# ---------------- Neural Networks & Gradient Descent Algorithm Tutorial ----------------

**Author:** ClaemWu  
**Affiliation:** HKBU AEF MscDABE  

## Overview

This tutorial provides detailed examples explaining the concepts and working principles of neural networks, as well as the derivation of gradient descent.

**Note:** This tutorial is intended for learning and reference purposes only and does not carry any academic credit or certification.

# Multi-layer Perceptron (MLP): Feedforward Artificial Neural Network (NN)

The **Multilayer Perceptron (MLP)** represents one of the simplest and most fundamental architectures in neural network design.
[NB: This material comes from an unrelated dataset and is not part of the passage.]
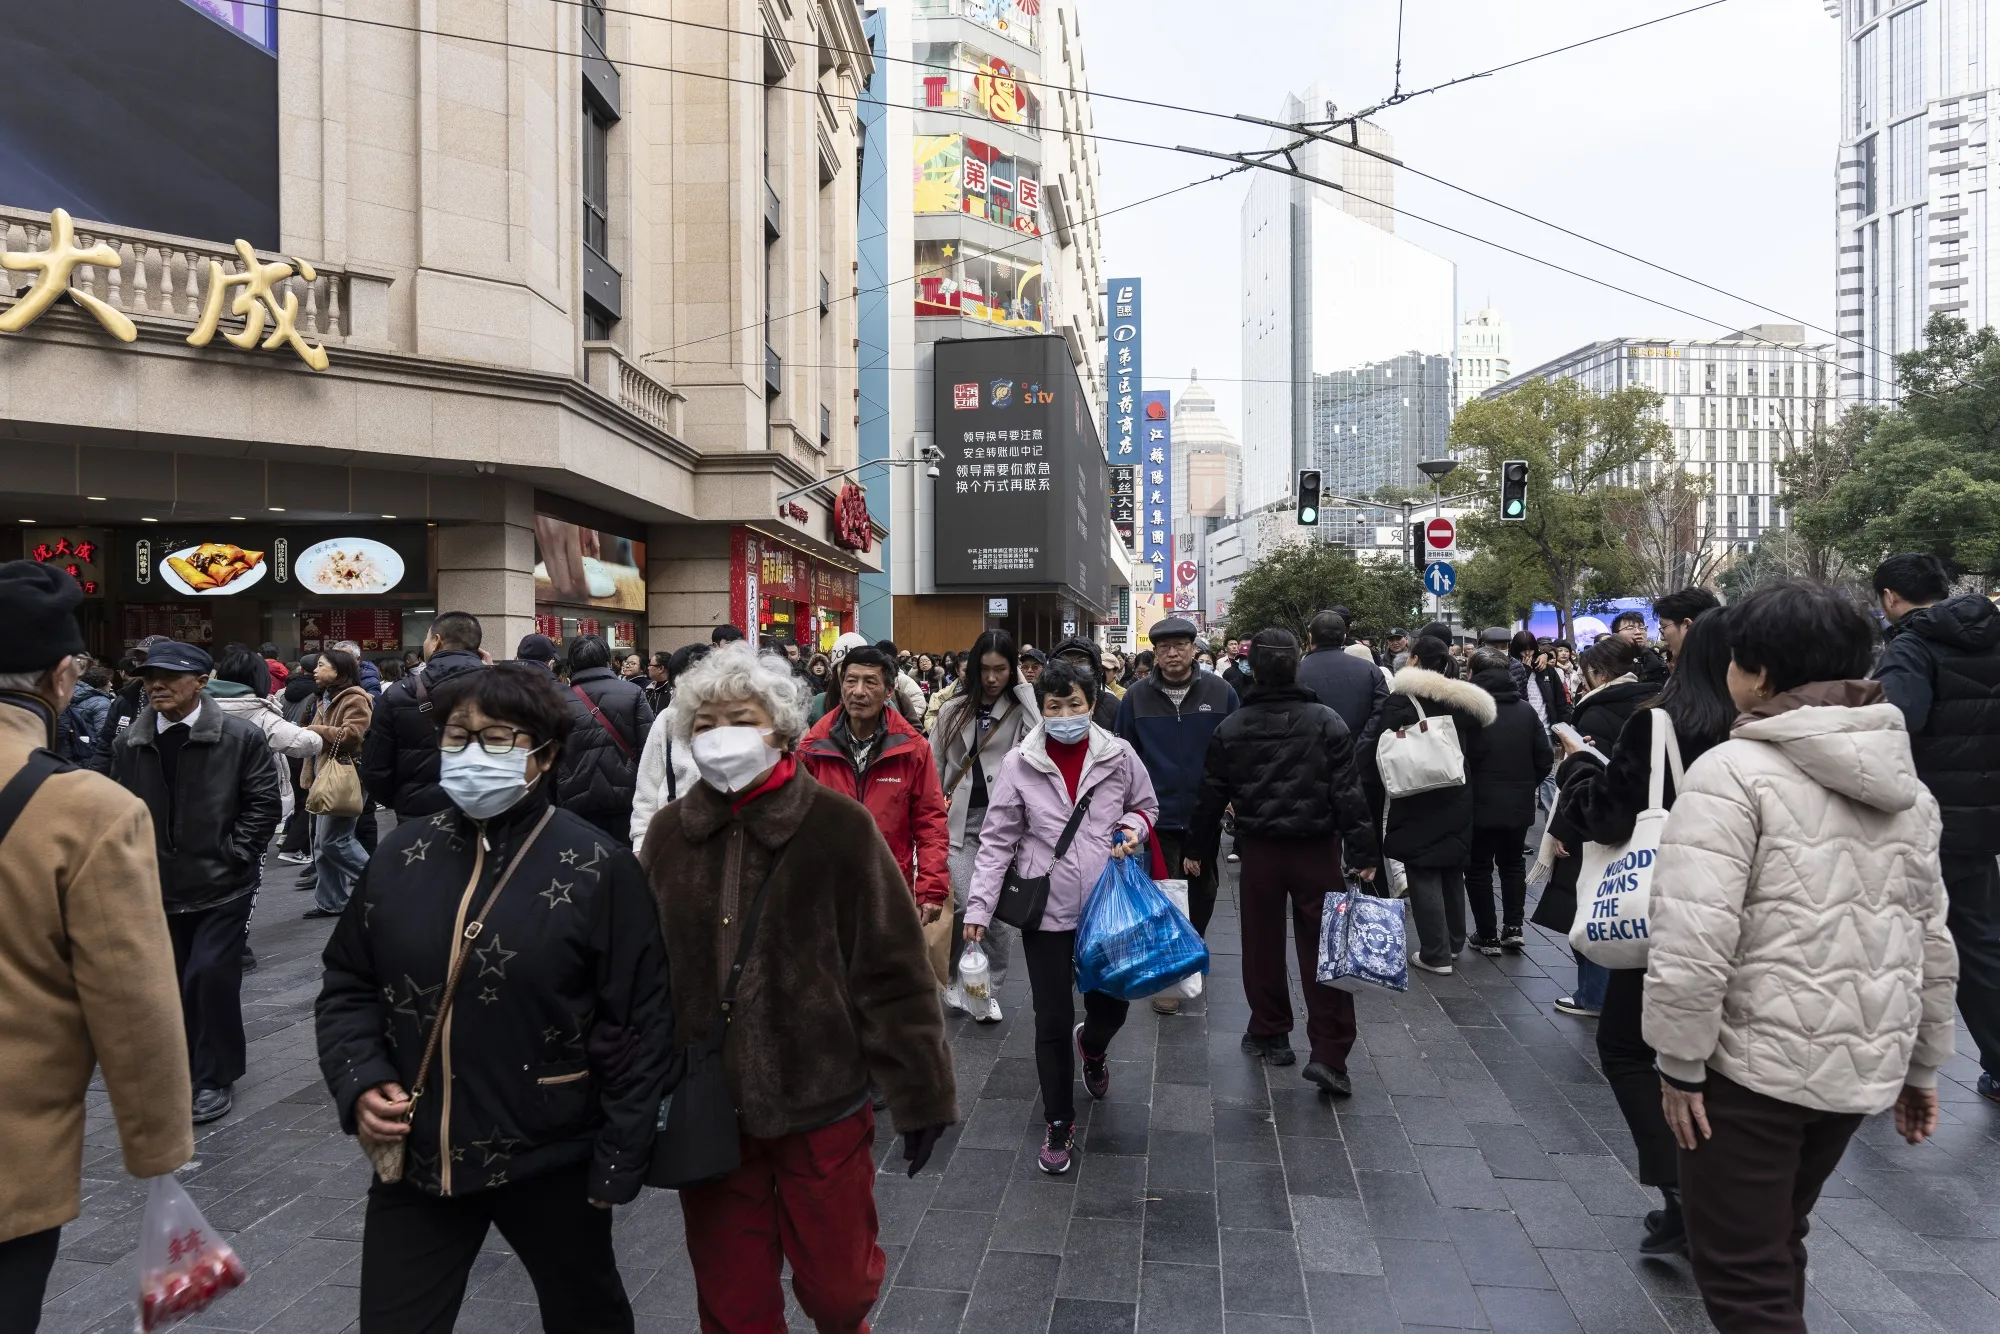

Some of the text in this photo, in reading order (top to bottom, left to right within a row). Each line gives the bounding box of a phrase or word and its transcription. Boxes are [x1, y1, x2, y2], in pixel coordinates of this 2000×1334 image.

Often considered the essential **building block** or **computational cornerstone** of modern deep learning, its elegant structure forms the basis upon which far more complex models are constructed.

It comprises of:
- An **input layer** that receives the initial data.
- One or more **hidden layers** that perform the core computation.
- An **output layer** that produces the final prediction or classification.

# Neural Network Algorithm Implementation

<table>
<tr>
<td width="50%" valign="top">

![Network Architecture](3_layerNN.png)
*3-Layer Neural Network*

</td>
<td width="50%" valign="top">

### Matrix Dimension Flow
The dimensions ensure compatible operations in the forward pass:

\[
\begin{aligned}
\text{Input:} & \quad \mathbf{X} && (m, 2) \\
\text{Layer 1:} & \quad \mathbf{Z}^{[1]} = \mathbf{X} (\mathbf{W}^{(1)})^\top && \rightarrow (m, 3) \\
& \quad \mathbf{A}^{[1]} = \sigma(\mathbf{Z}^{[1]}) && \rightarrow (m, 3) \\
\text{Layer 2:} & \quad \mathbf{Z}^{[2]} = \mathbf{A}^{[1]} (\mathbf{W}^{(2)})^\top && \rightarrow (m, 3) \\
& \quad \mathbf{A}^{[2]} = \sigma(\mathbf{Z}^{[2]}) && \rightarrow (m, 3) \\
\text{Output:} & \quad \mathbf{Z}^{[3]} = \mathbf{A}^{[2]} (\mathbf{W}^{(3)})^\top && \rightarrow (m, 1) \\
& \quad \mathbf{A}^{[last]} = \mathbf{\hat{Y}} = \sigma(\mathbf{Z}^{[3]}) && \rightarrow (m, 1)
\end{aligned}
\]

</td>
</tr>
</table>

## Model Parameter Specification

This section defines the key weight matrices for the 3-layer neural network.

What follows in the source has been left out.